--- GIVEN INFORMATION Enclosed Below ---
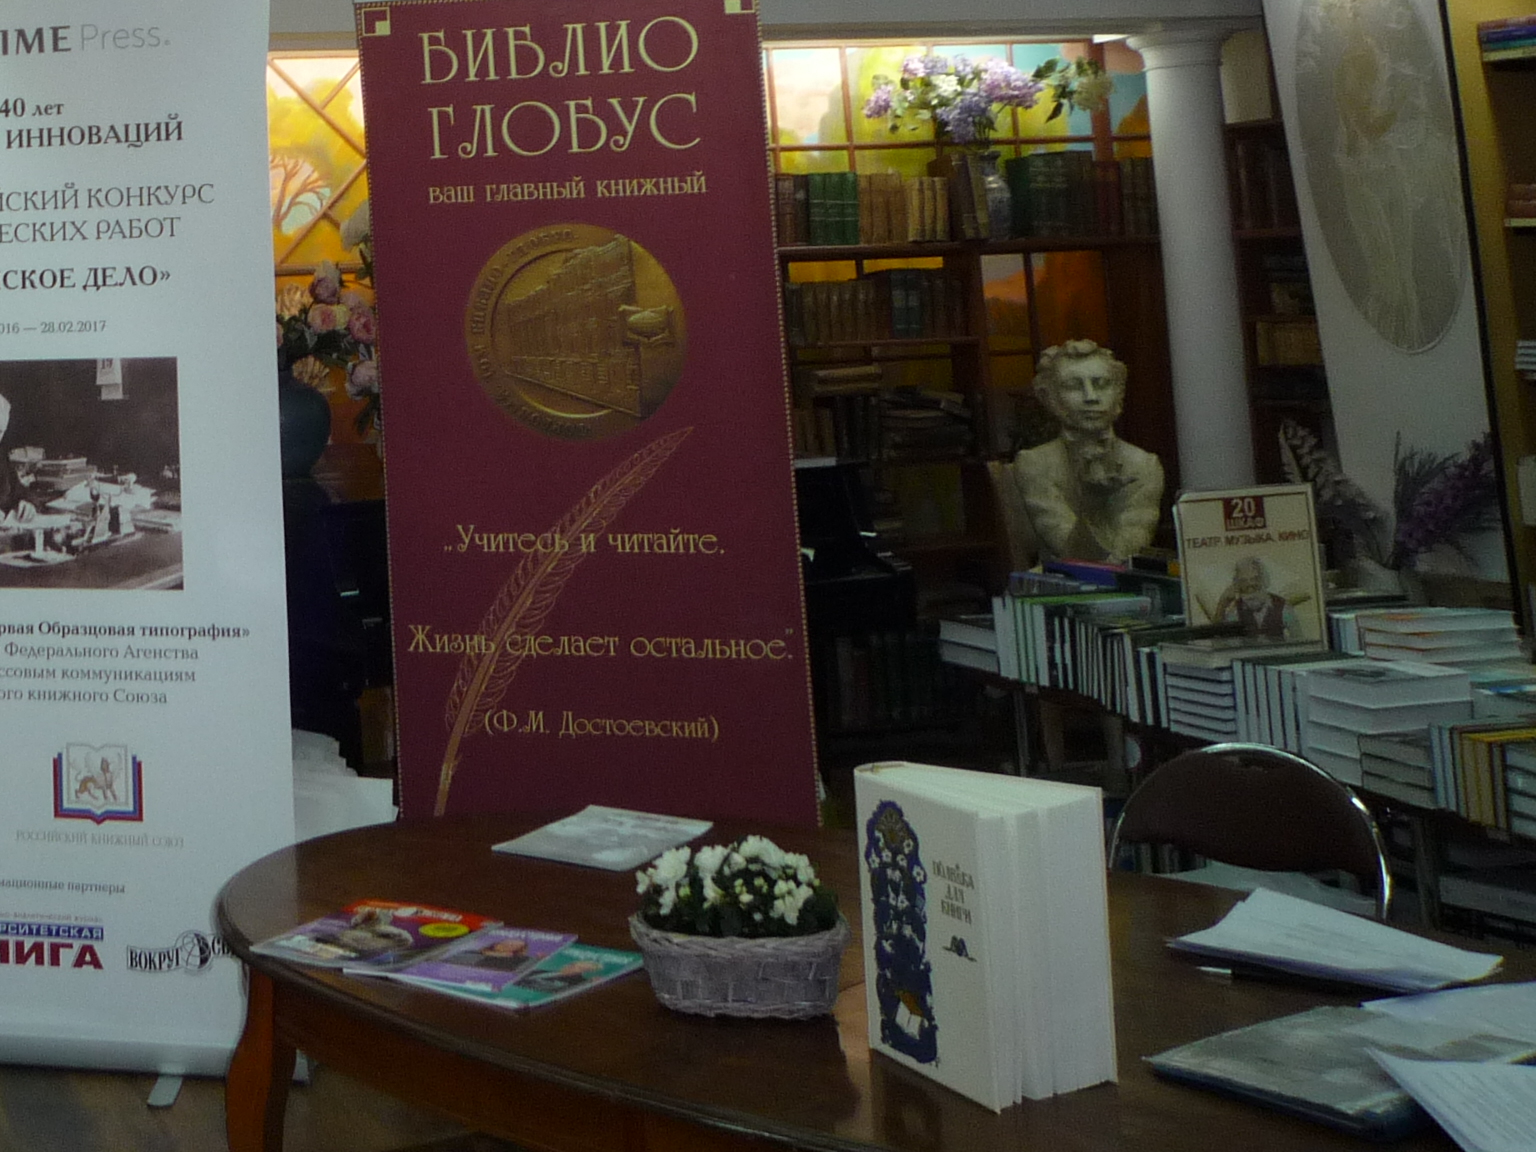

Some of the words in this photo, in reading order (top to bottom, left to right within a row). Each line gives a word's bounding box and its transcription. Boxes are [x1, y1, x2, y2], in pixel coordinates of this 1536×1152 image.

[80, 23, 171, 52] Press.
[418, 15, 700, 85] БИБЛИО
[32, 100, 65, 117] лет
[5, 113, 184, 150] ИННОВАЦИЙ
[427, 91, 702, 160] ГЛОБУС
[87, 182, 215, 209] КОНКУРС
[428, 183, 475, 204] ваш
[485, 176, 586, 203] главный
[596, 170, 708, 198] книжный
[95, 216, 181, 241] РАБОТ
[82, 264, 171, 293] ДЕЛО»
[40, 320, 107, 335] 28.02.2017
[1230, 498, 1256, 518] 20
[579, 533, 597, 553] и
[608, 529, 725, 555] читайте.
[38, 620, 135, 638] Образцовая
[140, 623, 250, 641] типография»
[407, 624, 496, 654] Жизнь
[505, 633, 619, 658] сделает
[4, 641, 119, 660] Федерального
[123, 645, 199, 660] Агенства
[61, 668, 196, 684] коммуникациям
[27, 689, 109, 703] книжного
[113, 688, 168, 704] Союза
[558, 711, 720, 743] Достоевский)
[67, 880, 126, 896] партнеры
[129, 946, 181, 972] ВОКРУГ
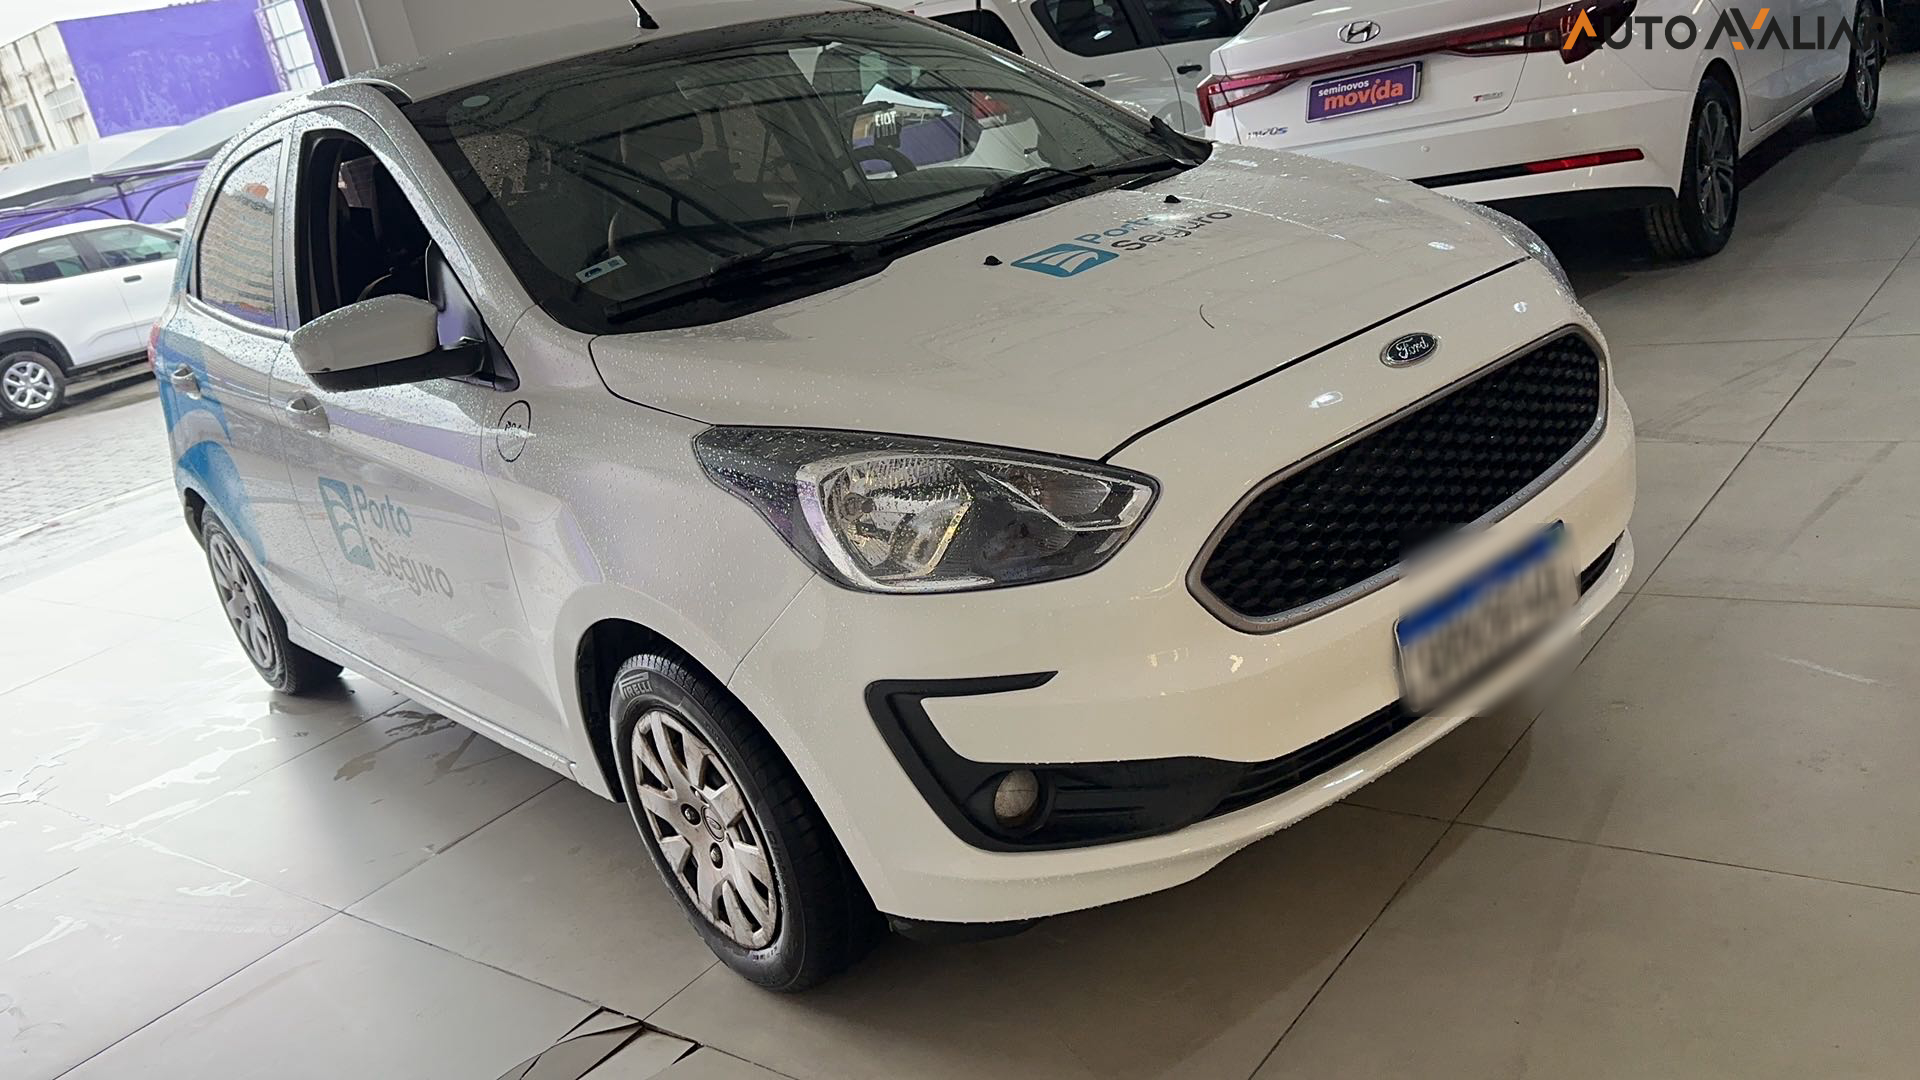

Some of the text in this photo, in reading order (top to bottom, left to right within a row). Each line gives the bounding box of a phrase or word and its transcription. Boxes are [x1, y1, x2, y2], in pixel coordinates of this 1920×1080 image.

[1318, 80, 1369, 97] seminovos
[1324, 79, 1404, 112] movida
[1110, 211, 1233, 251] Seguro
[1395, 336, 1430, 359] Ford
[352, 484, 412, 538] Porto
[368, 536, 454, 599] Seguro
[618, 671, 653, 701] PIRELLI
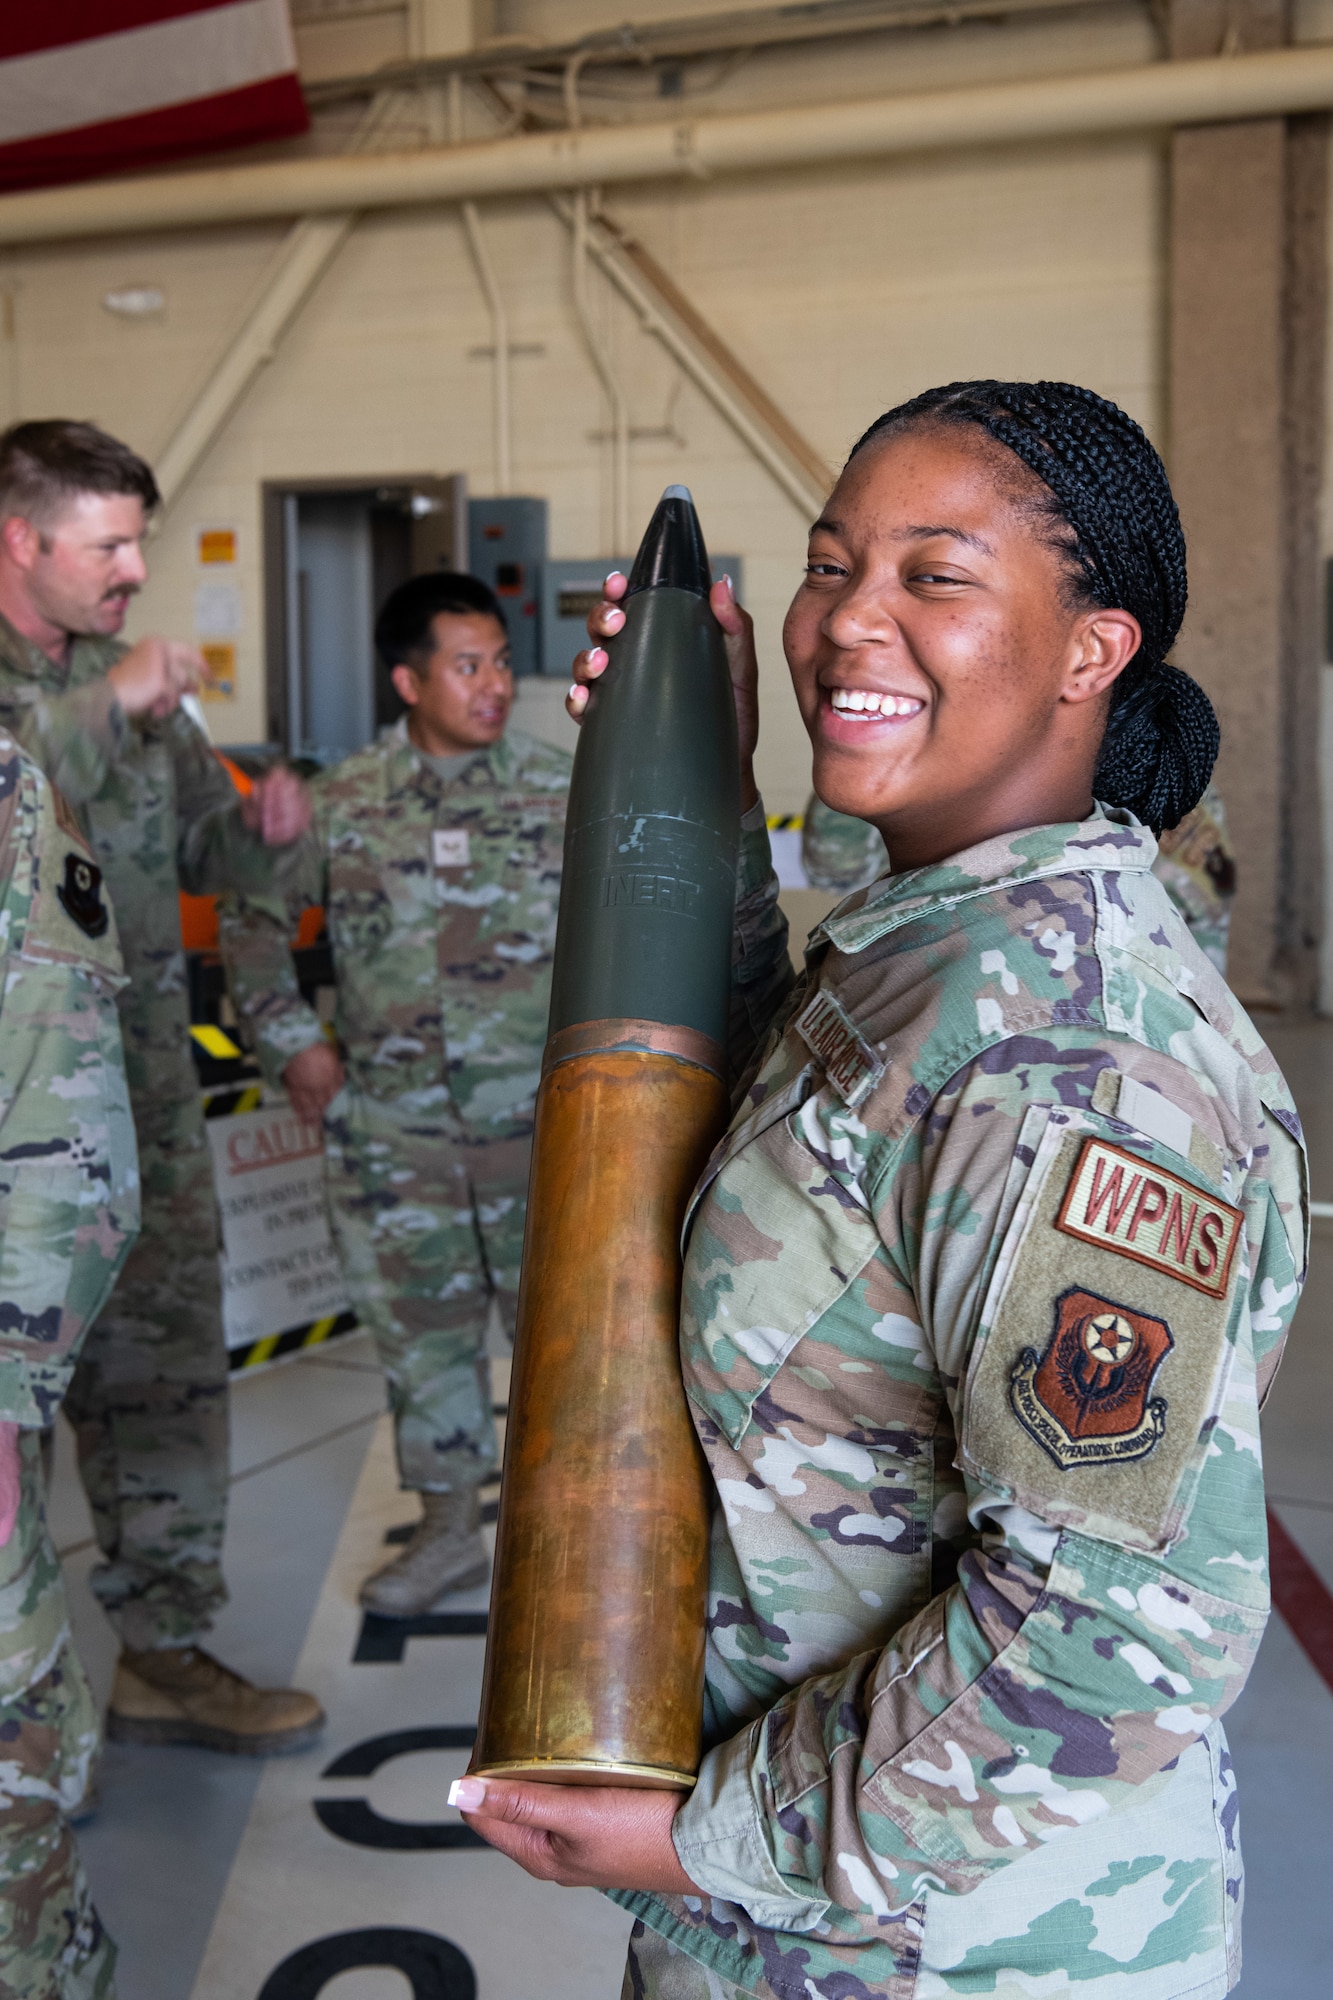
--- End of Enclosed GIVEN INFORMATION ---
ABOUT THIS TASK:
Output all the entries above verbatim, please. No images.

TASK RESPONSE:
Some of the words in this photo, in reading order (top to bottom, left to right within a row). Each line gives a word's bounding box and its transcription. Boxes are [x1, y1, x2, y2], in pixel coordinates of this 1536×1152 image.

[80, 23, 171, 52] Press.
[418, 15, 700, 85] БИБЛИО
[32, 100, 65, 117] лет
[5, 113, 184, 150] ИННОВАЦИЙ
[427, 91, 702, 160] ГЛОБУС
[87, 182, 215, 209] КОНКУРС
[428, 183, 475, 204] ваш
[485, 176, 586, 203] главный
[596, 170, 708, 198] книжный
[95, 216, 181, 241] РАБОТ
[82, 264, 171, 293] ДЕЛО»
[40, 320, 107, 335] 28.02.2017
[1230, 498, 1256, 518] 20
[579, 533, 597, 553] и
[608, 529, 725, 555] читайте.
[38, 620, 135, 638] Образцовая
[140, 623, 250, 641] типография»
[407, 624, 496, 654] Жизнь
[505, 633, 619, 658] сделает
[4, 641, 119, 660] Федерального
[123, 645, 199, 660] Агенства
[61, 668, 196, 684] коммуникациям
[27, 689, 109, 703] книжного
[113, 688, 168, 704] Союза
[558, 711, 720, 743] Достоевский)
[67, 880, 126, 896] партнеры
[129, 946, 181, 972] ВОКРУГ

Some of the text in this photo, in reading order (top to bottom, left to right within a row). Each line gives the bounding box of a phrase or word and its transcription. Boxes are [x1, y1, x2, y2], in pixel coordinates of this 1920×1080 image.

[1318, 80, 1369, 97] seminovos
[1324, 79, 1404, 112] movida
[1110, 211, 1233, 251] Seguro
[1395, 336, 1430, 359] Ford
[352, 484, 412, 538] Porto
[368, 536, 454, 599] Seguro
[618, 671, 653, 701] PIRELLI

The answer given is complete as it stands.